Colorado City felt like a foreign country. Wide, empty streets, and big privacy fences around huge, unfinished homes. Not much to lure tourists except the strangeness. It didn't seem creepy until I read this.
You already know this, but Colorado City is a fundamentalist Mormon settlement where polygamy is still practiced. Women dress the same way they might have 150 years ago. The town is the setting for the non-fiction book Under the Banner of Heaven.
Fredonia, Arizona. I don't know what this meant.

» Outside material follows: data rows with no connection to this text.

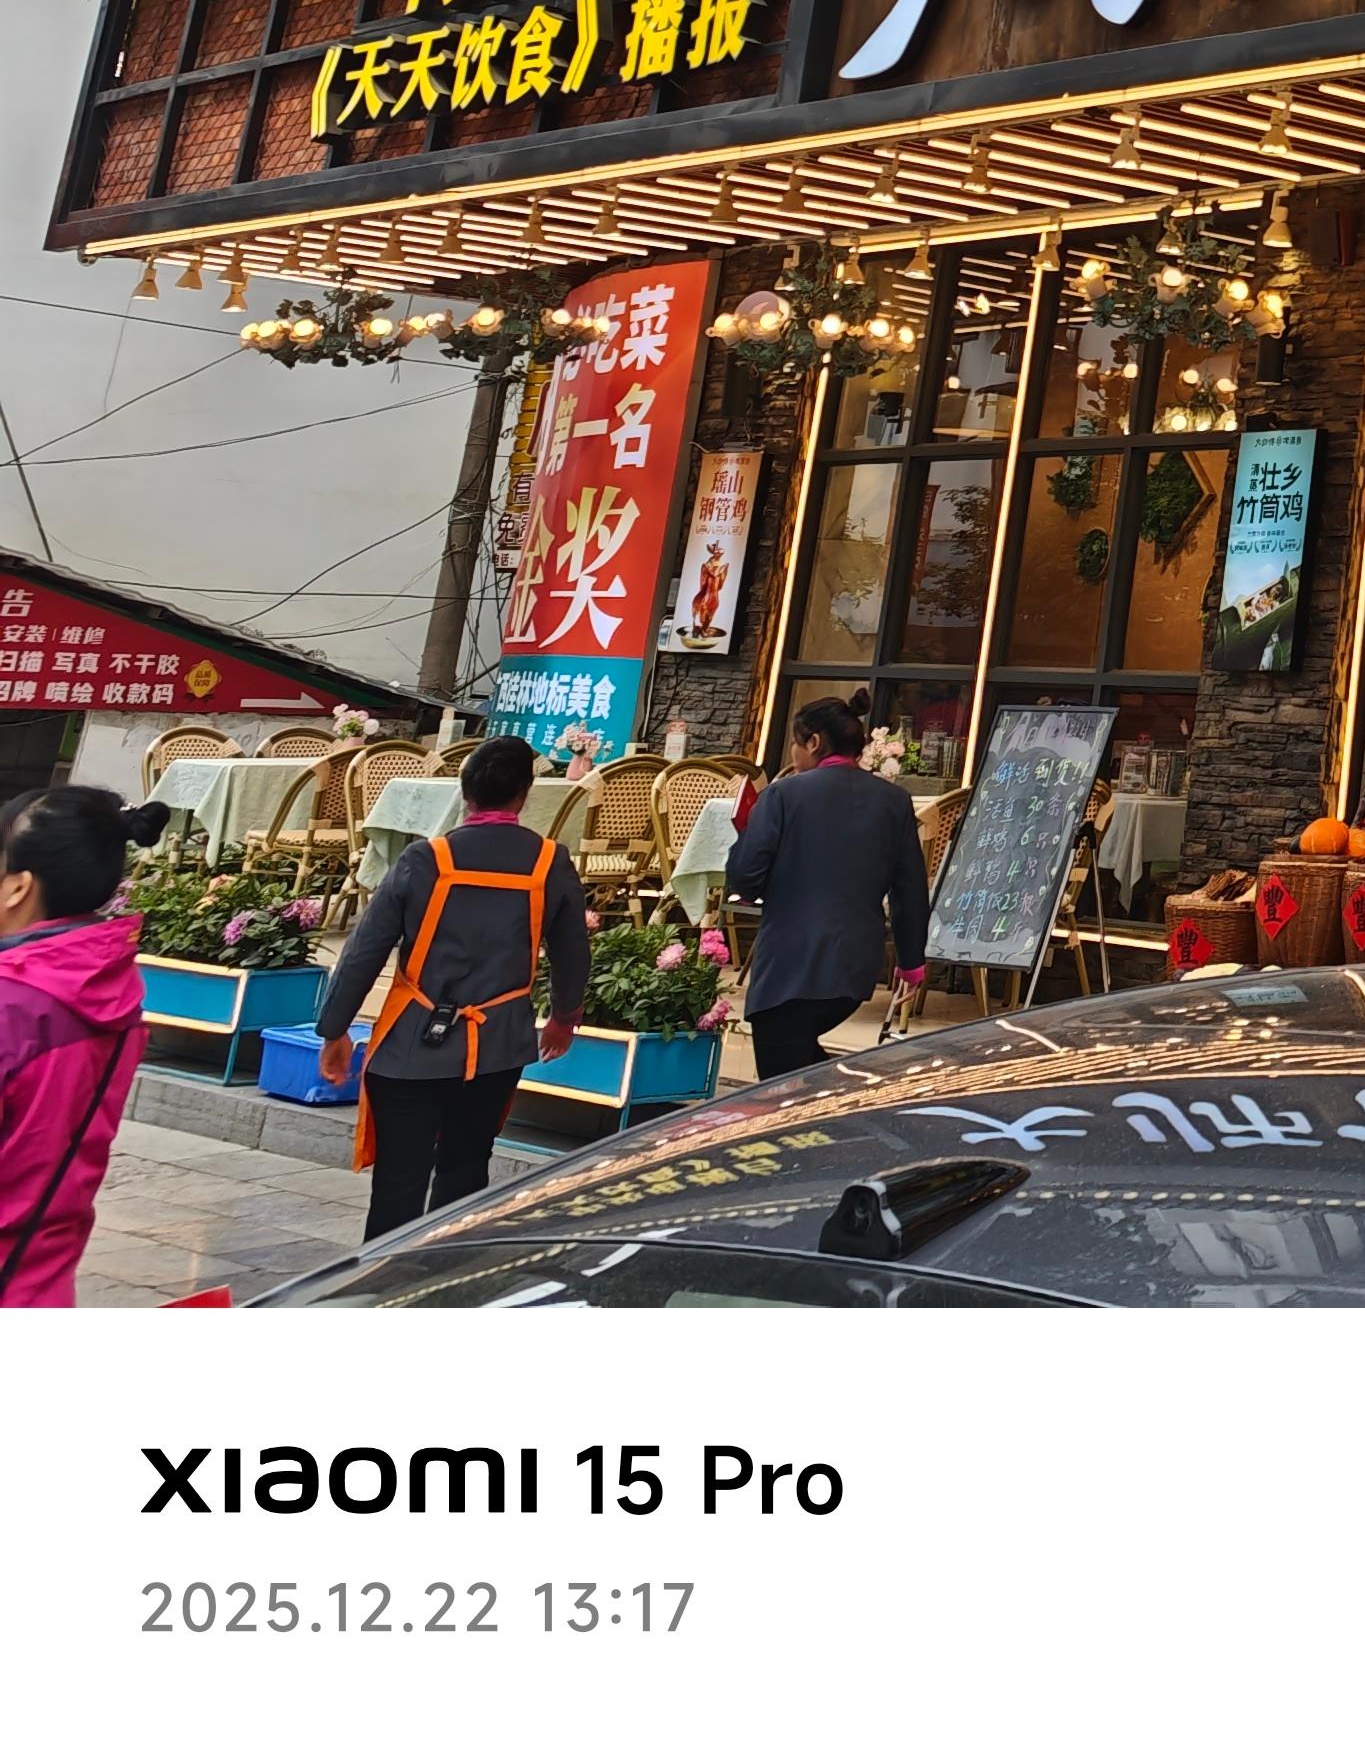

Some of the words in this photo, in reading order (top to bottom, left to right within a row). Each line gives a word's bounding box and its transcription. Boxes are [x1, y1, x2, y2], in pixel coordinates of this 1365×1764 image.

[1260, 461, 1303, 492] 壮乡
[1236, 491, 1304, 524] 竹筒鸡
[60, 626, 106, 645] 维修
[51, 652, 101, 674] 写真
[108, 653, 181, 677] 不干胶
[45, 682, 95, 704] 喷绘
[102, 683, 175, 705] 收款码
[1020, 830, 1033, 846] 6
[1006, 859, 1021, 878] 4
[990, 915, 1007, 937] 4
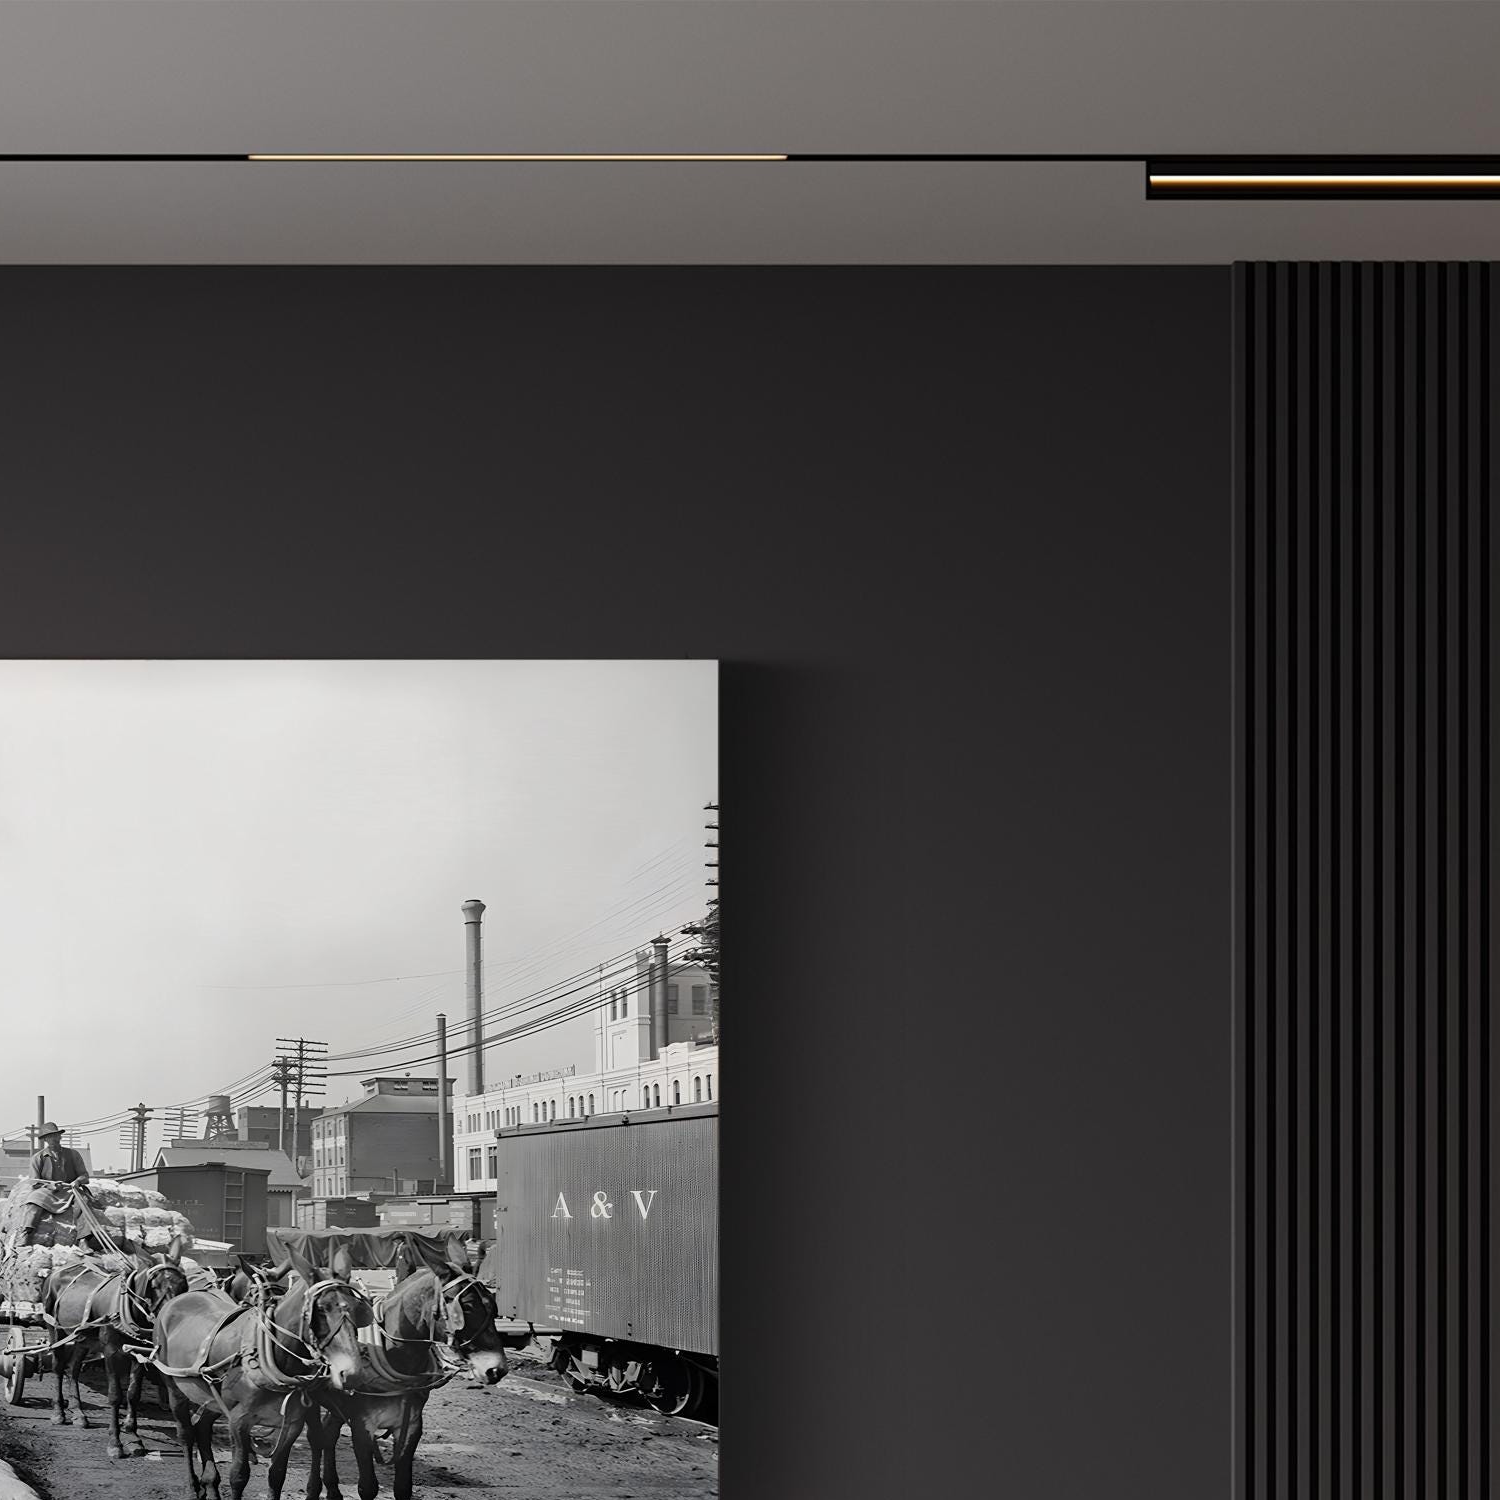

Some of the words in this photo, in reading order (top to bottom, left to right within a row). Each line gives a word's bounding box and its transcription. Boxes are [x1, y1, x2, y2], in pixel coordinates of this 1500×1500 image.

[550, 1191, 573, 1219] A
[590, 1190, 613, 1219] &
[629, 1190, 658, 1220] V
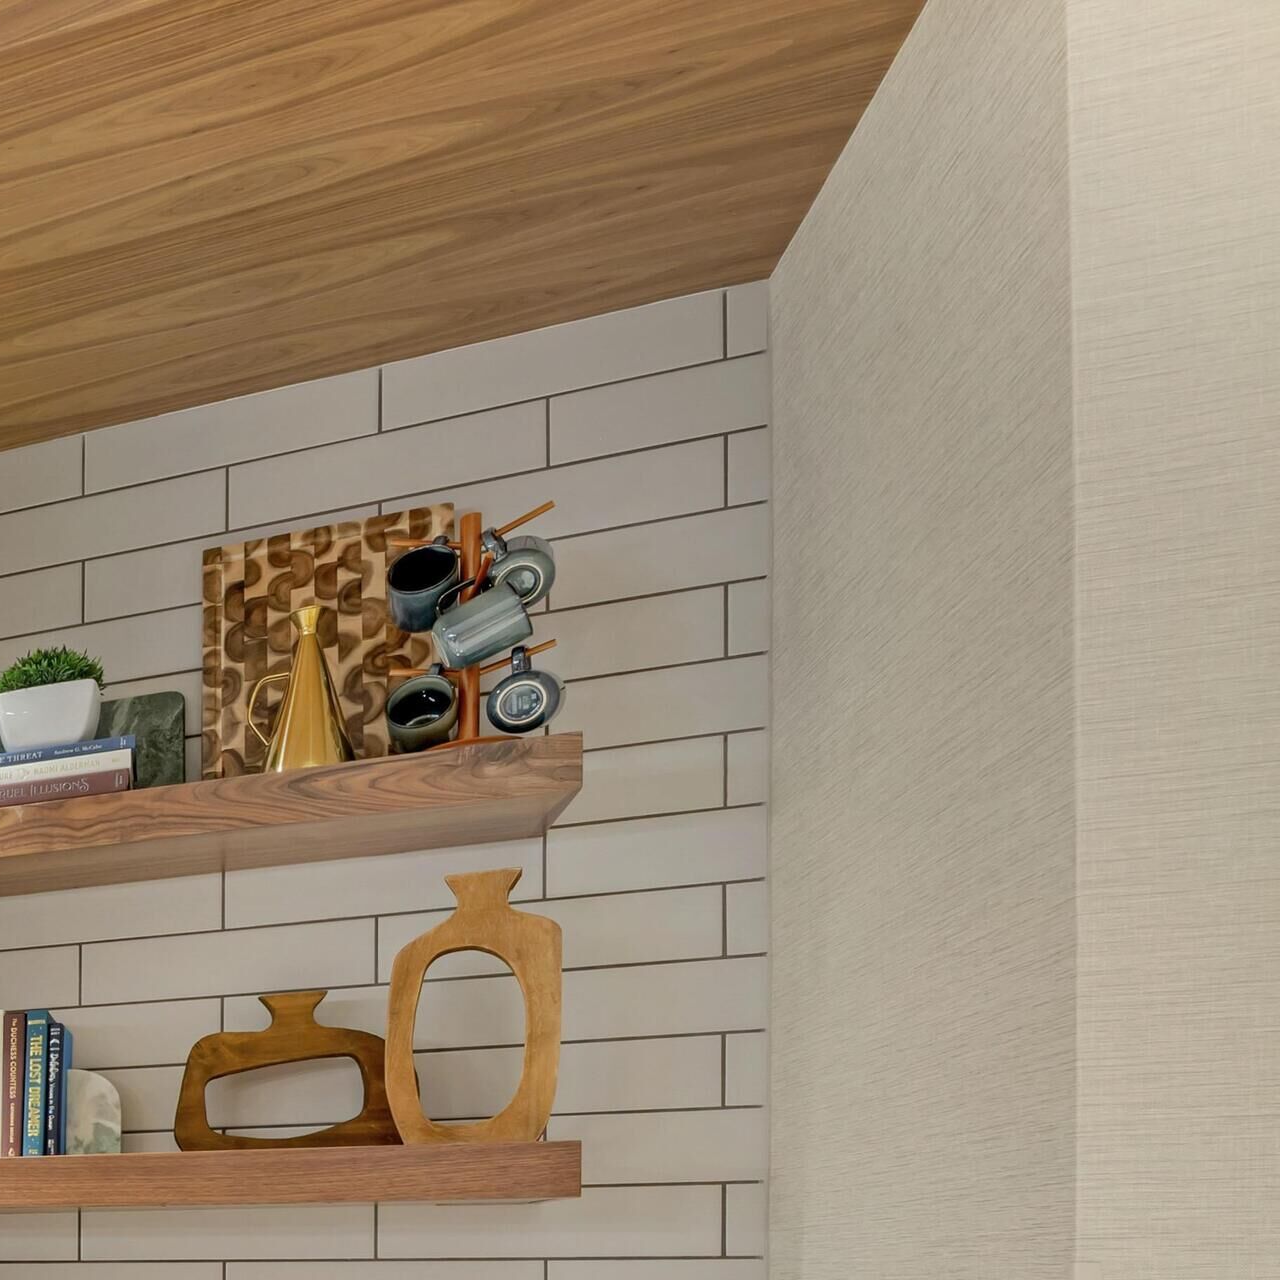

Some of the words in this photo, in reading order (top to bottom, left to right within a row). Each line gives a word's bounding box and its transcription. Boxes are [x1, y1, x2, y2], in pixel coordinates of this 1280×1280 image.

[7, 751, 42, 763] THREAT
[30, 778, 89, 798] ILLUSIONS
[30, 1035, 44, 1056] THE
[9, 1061, 17, 1099] COUNTESS
[29, 1058, 43, 1085] LOST
[27, 1087, 41, 1137] DREAMER

Pipe Springs is home to Windsor Castle, a small fort that protected an early Mormon tithing ranch. Nothing so easy as tithing by personal check or automatic deposit, so the church needed places to store the livestock and produce that came in from the faithful.
Church members could use the telegraph for free. They could reach anyone. Standing in the same place today, you can reach no one, but you can do it on a cell phone.
Housing for ranch hands, and a guardhouse
Tess
Sullen Whit is sullen. We took Tess' picture first. Is that what's bothering you, Bunky?
The rooms were cool inside 18" sandstone walls built into the hillside. There is a spring that was diverted into the dairy room, so there's running water. Annie figured out where we could install the composting toilet, and we immediately made plans to move in.
We could hear some unusual laughter coming from the garden.
Patti is the master gardener for the monument. Here she's making arrangements to mail a 60 pound Hopi squash to these guys before the garden is plowed under. She maintains a Paiute side of the garden, and a pioneer side.
We met Patti again before lunch. She had just received a proposal of marriage from an eighty-year-old Hopi elder. He wasn't called an "elder" for nothing. She didn't reveal her answer, but did say she was now in hiding.
She's also a fiddler, and demonstrated her skills as part of her interpretive duties.
I named this barrel Cooper and amused myself.